Data extracted from a collection:
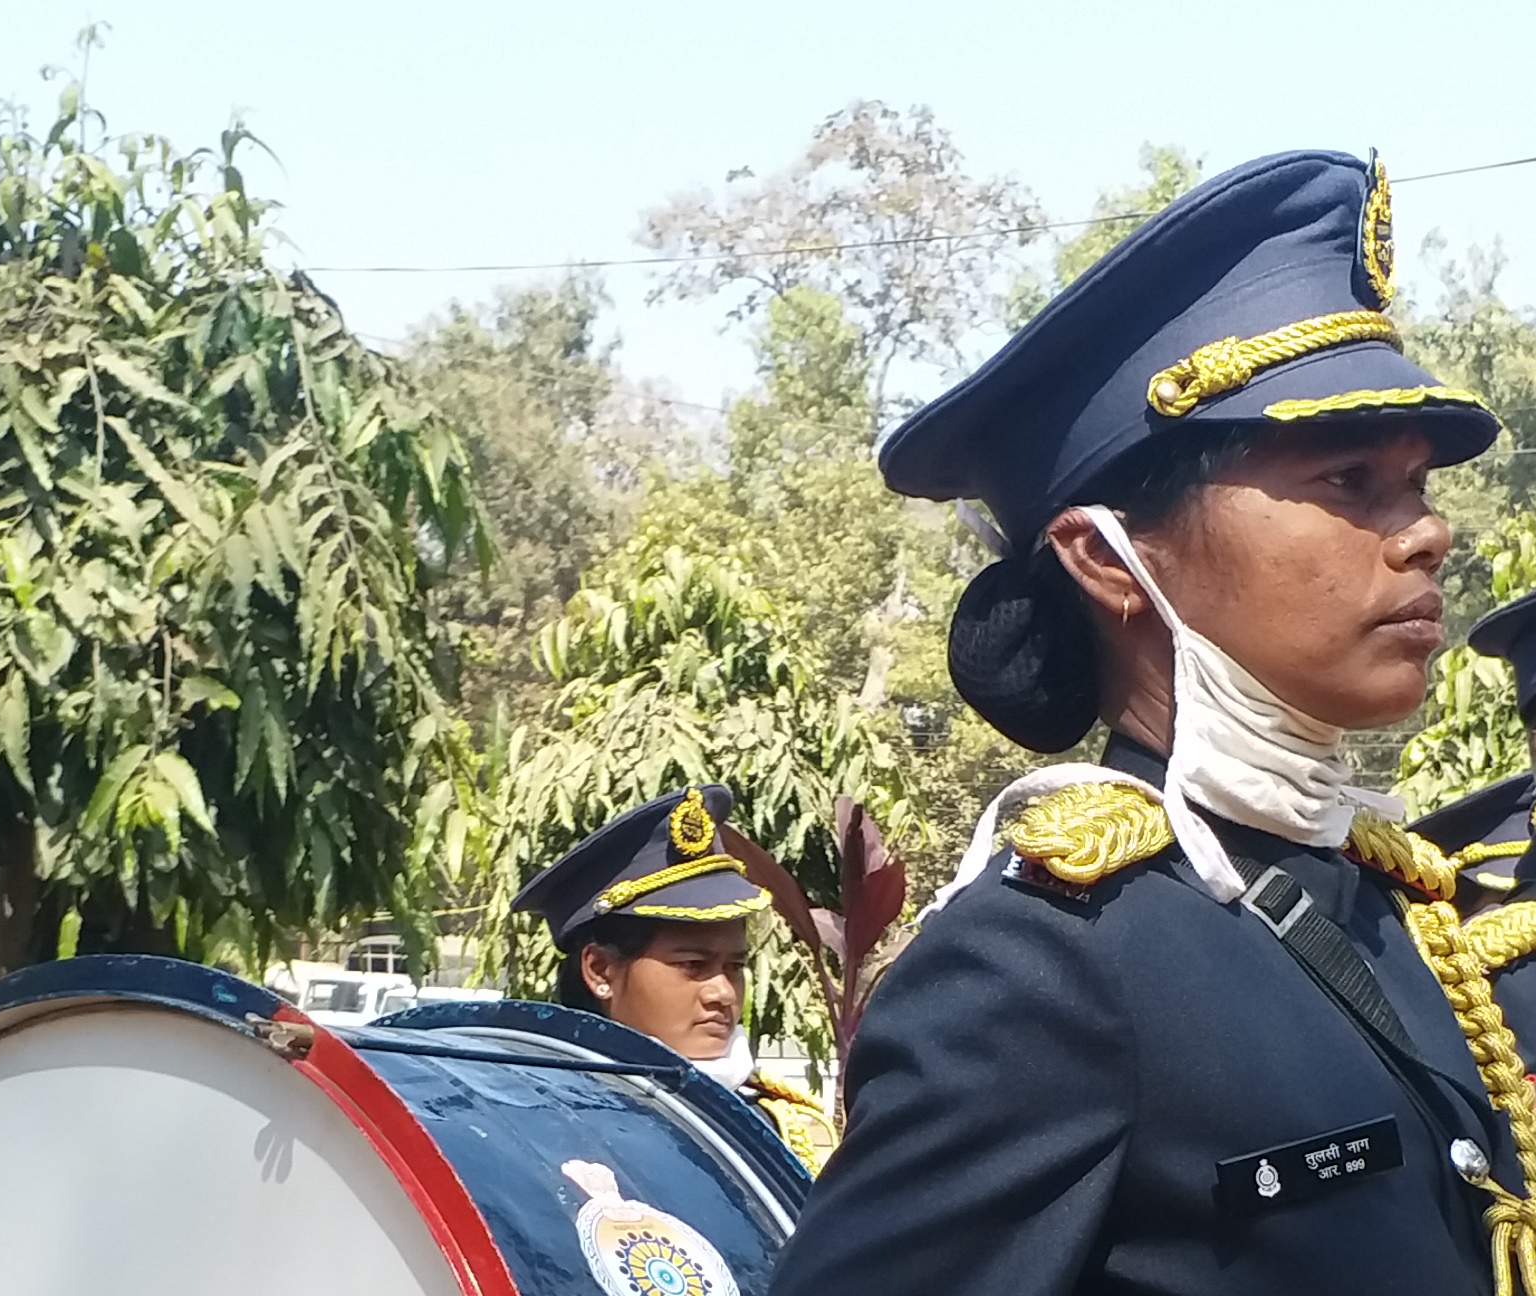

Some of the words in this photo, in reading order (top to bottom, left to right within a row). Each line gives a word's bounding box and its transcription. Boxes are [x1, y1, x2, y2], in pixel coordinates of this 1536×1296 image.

[1304, 1142, 1341, 1170] तुलसी
[1345, 1137, 1370, 1154] नाग
[1345, 1157, 1365, 1173] 899
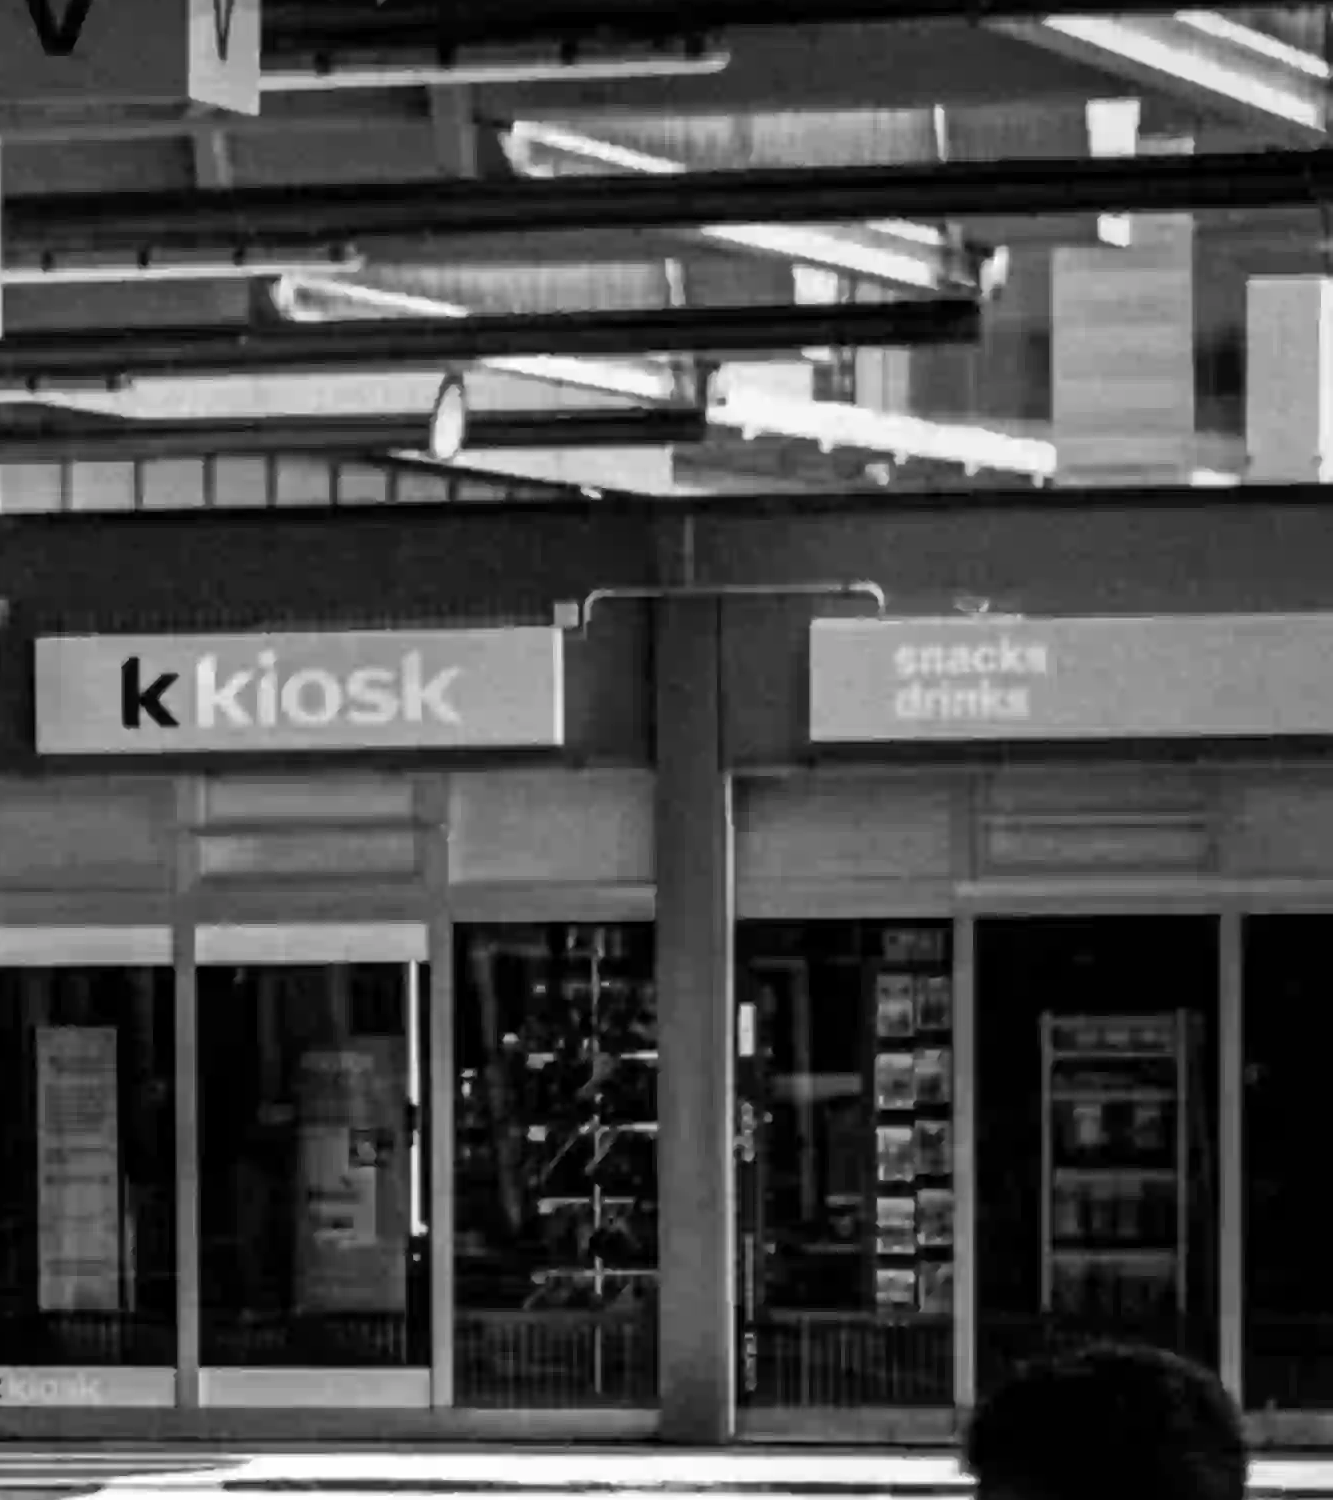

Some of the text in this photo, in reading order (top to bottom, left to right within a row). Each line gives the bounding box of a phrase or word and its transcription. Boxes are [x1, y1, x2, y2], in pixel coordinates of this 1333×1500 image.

[893, 633, 1047, 675] snacks
[121, 649, 464, 729] k kiosk
[894, 679, 1030, 719] drinks
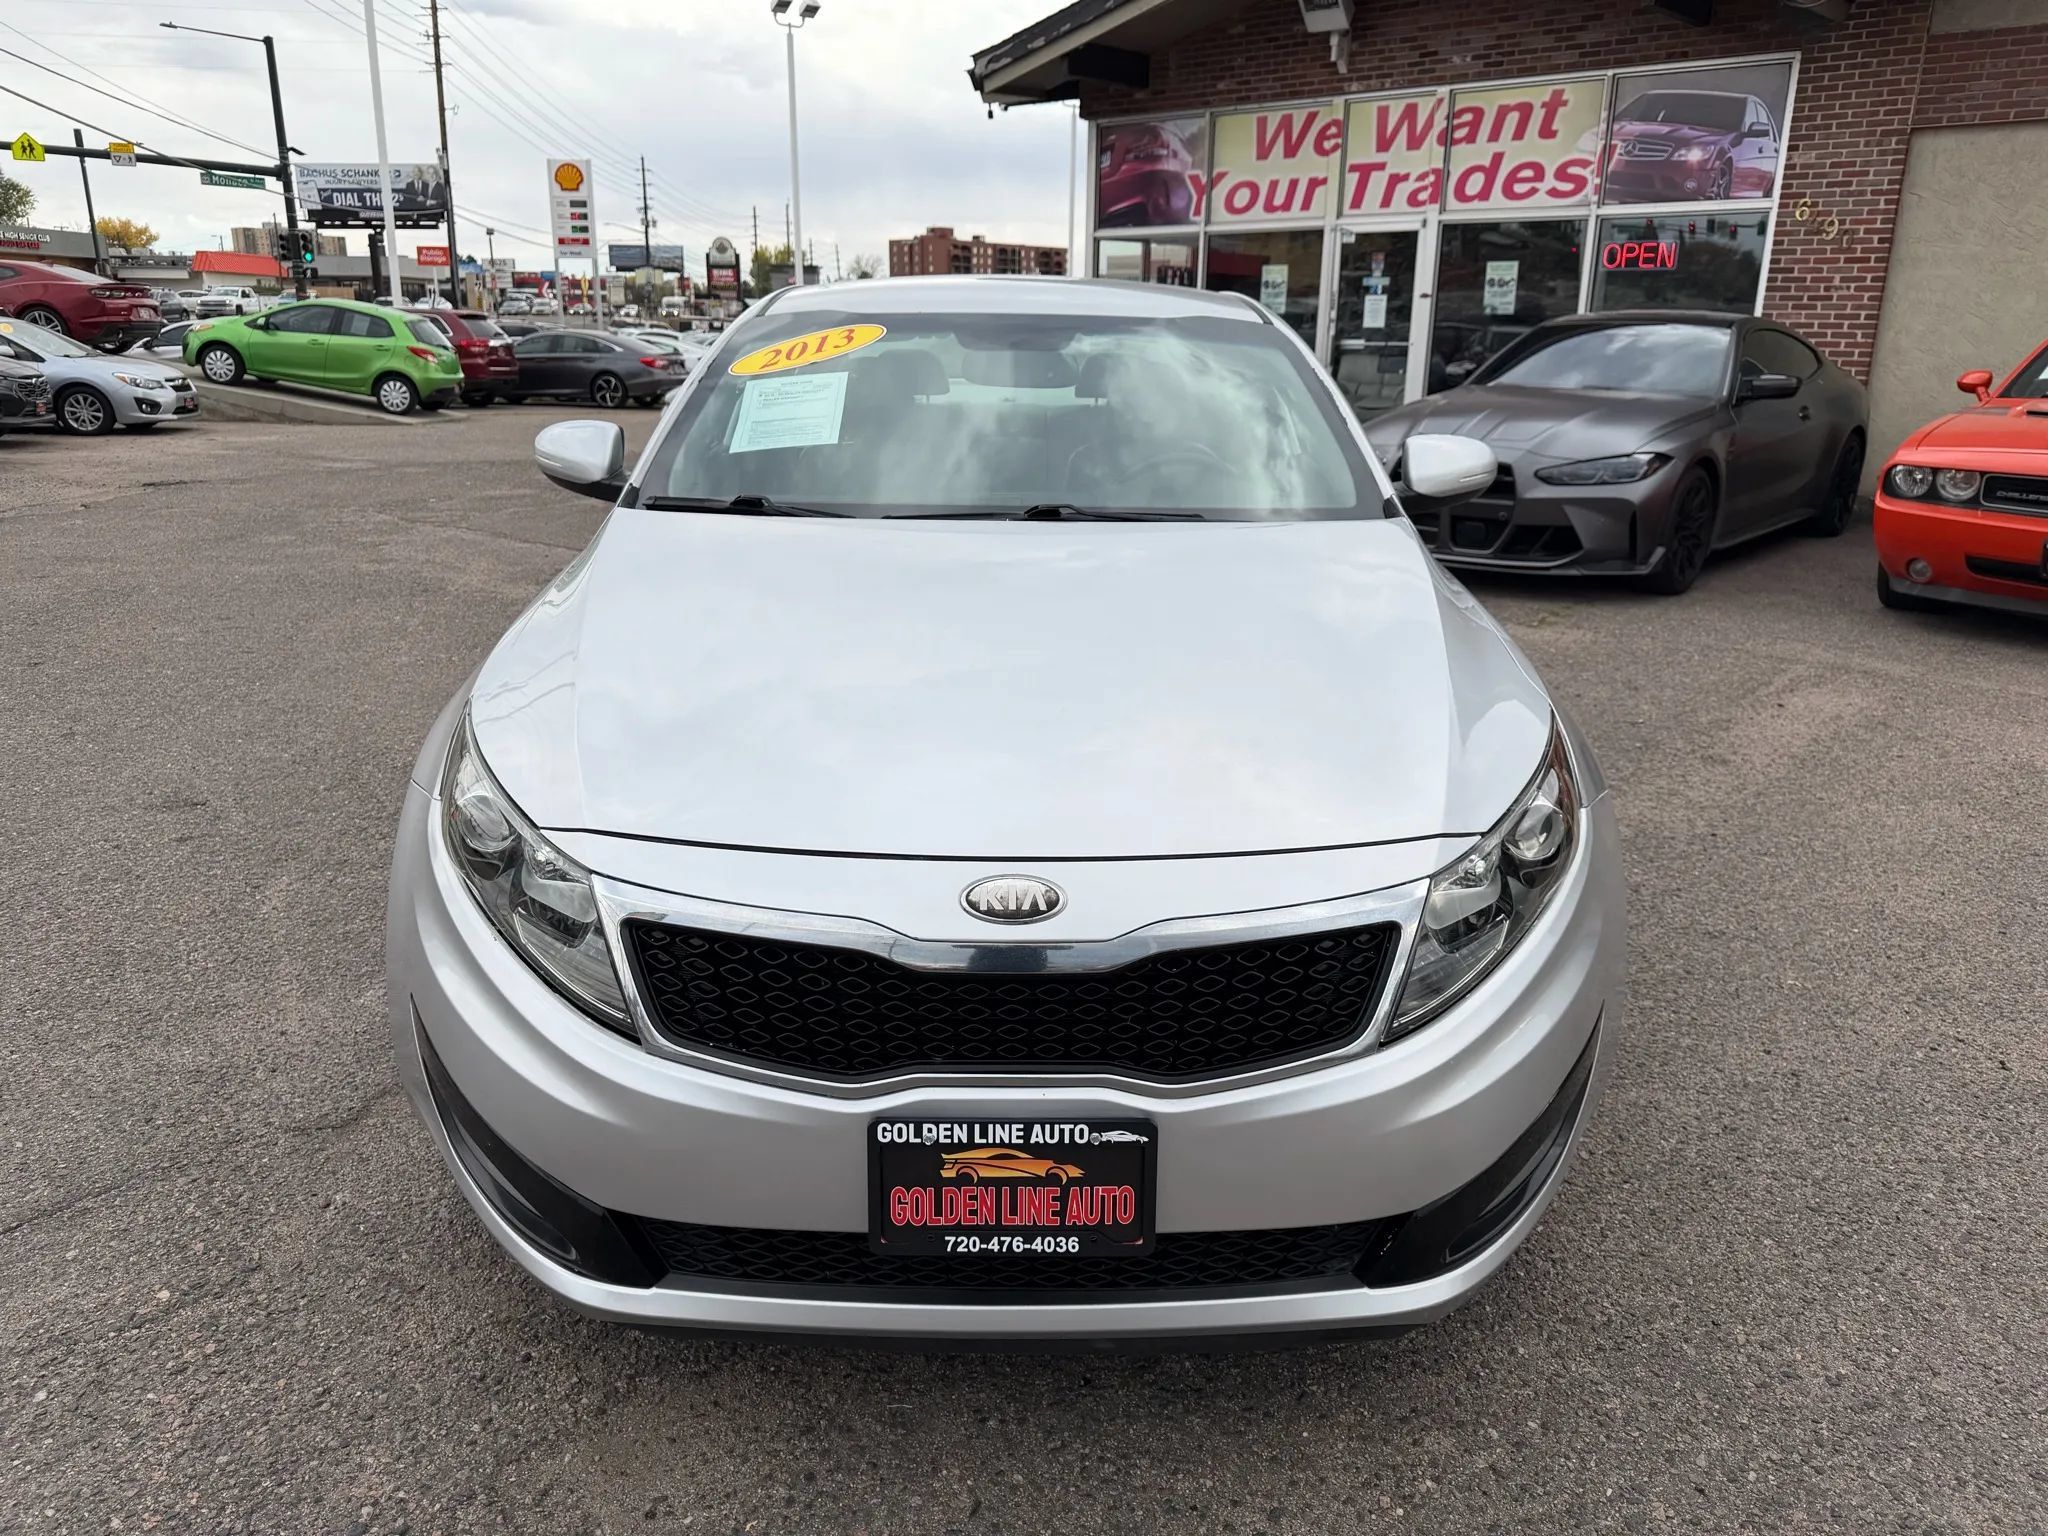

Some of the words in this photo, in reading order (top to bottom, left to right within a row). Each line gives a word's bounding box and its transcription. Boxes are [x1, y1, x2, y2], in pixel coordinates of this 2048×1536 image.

[1255, 110, 1344, 161] We
[1375, 88, 1569, 153] Want
[299, 167, 338, 178] BACHUS
[1187, 170, 1328, 218] Your
[1347, 143, 1619, 210] Trades!
[332, 191, 362, 207] DIAL
[363, 191, 385, 208] TH
[1602, 241, 1678, 270] OPEN
[759, 328, 856, 370] 2013
[979, 884, 1048, 911] KIA
[876, 1122, 968, 1145] GOLDEN
[974, 1123, 1024, 1144] LINE
[1029, 1123, 1090, 1145] AUTO
[889, 1185, 996, 1227] GOLDEN
[1001, 1185, 1061, 1226] LINE
[1065, 1184, 1136, 1226] AUTO
[944, 1235, 1080, 1253] 720-476-4036

Exercise prompt
Your output should be exactly the lines of the records above from the one with "Some of the text" through the last, both ends included, with pictures excluded.

Response to the task
Some of the text in this photo, in reading order (top to bottom, left to right within a row). Each line gives the bounding box of a phrase or word and its transcription. Boxes are [x1, y1, x2, y2], in pixel coordinates of this 1333×1500 image.

[893, 633, 1047, 675] snacks
[121, 649, 464, 729] k kiosk
[894, 679, 1030, 719] drinks

Some of the words in this photo, in reading order (top to bottom, left to right within a row). Each line gives a word's bounding box and its transcription. Boxes are [x1, y1, x2, y2], in pixel coordinates of this 2048×1536 image.

[1255, 110, 1344, 161] We
[1375, 88, 1569, 153] Want
[299, 167, 338, 178] BACHUS
[1187, 170, 1328, 218] Your
[1347, 143, 1619, 210] Trades!
[332, 191, 362, 207] DIAL
[363, 191, 385, 208] TH
[1602, 241, 1678, 270] OPEN
[759, 328, 856, 370] 2013
[979, 884, 1048, 911] KIA
[876, 1122, 968, 1145] GOLDEN
[974, 1123, 1024, 1144] LINE
[1029, 1123, 1090, 1145] AUTO
[889, 1185, 996, 1227] GOLDEN
[1001, 1185, 1061, 1226] LINE
[1065, 1184, 1136, 1226] AUTO
[944, 1235, 1080, 1253] 720-476-4036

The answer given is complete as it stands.